The postoperative period was uneventful ex­cept that the patient developed some degree of incontinence and dribbling. He received urinary antiseptics and physiotherapy with faradic stimulation of the external sphincter. Fair degree of continence was restored.


Generally large multiple prostatic cal­culi are associated with distal stricture of the urethra and cuncurrent urinary tract infection. [1],[2] In the present case there was no associated pathology or demonstrable stricture of the urethra.

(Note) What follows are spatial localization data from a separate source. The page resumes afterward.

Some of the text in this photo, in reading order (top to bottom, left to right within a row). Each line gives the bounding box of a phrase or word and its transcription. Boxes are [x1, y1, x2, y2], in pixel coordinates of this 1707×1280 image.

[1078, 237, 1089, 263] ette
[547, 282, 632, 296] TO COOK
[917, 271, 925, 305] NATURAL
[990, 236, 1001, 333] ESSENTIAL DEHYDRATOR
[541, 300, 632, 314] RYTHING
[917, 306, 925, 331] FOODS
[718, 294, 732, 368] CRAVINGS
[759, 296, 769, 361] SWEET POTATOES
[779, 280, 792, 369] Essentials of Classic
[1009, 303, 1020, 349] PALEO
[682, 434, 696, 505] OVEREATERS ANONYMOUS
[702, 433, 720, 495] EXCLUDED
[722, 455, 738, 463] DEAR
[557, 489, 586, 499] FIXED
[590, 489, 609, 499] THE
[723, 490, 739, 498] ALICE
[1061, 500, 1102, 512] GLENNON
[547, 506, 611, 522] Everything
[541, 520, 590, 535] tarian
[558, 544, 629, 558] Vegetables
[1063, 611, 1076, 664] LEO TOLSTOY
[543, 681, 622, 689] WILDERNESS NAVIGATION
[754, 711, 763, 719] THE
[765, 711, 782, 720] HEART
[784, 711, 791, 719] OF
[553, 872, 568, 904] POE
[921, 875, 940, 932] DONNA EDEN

Repeated bacte­riological examination of the urine how­ever showed the presence of infection. From the faceted appearance and the large size of the calculi it is obvious that these calculi had primarily formed and grown in size in the prostatic urethra.

In the absence of obvious local or syste­mic pathology, it was difficult to speculate what initiated the formation of these stones and also what factors led to their growth to such a large size. Multiple pros­tatic calculi without any obvious urethral stricture have been reported by other workers. [1],[3]

We feel that in the present case the process of multiple stone formation was initiated by the partial obstruction caused by the oval stone. This stone had presum­ably formed in the urinary bladder and subsequently lodged in the prostatic urethra.


We are thankful to the Dean, K.E.M. Hospital Parel, Bombay-12 for permitting us to use hospital data and to publish this paper.


1Fox, M.: The natural history and signific­ance o`' stone formation in the prostate gland. J. Urol., 89: 716-727, 1963.
2Karanjawalla, D. K.: Personal Communi­cation-1976.
3Robert, K. V. and Stephen, A. K.: Short case report: obstructing prostatic urethral calculi. Brit. J. Urol., 48: 492, 1976.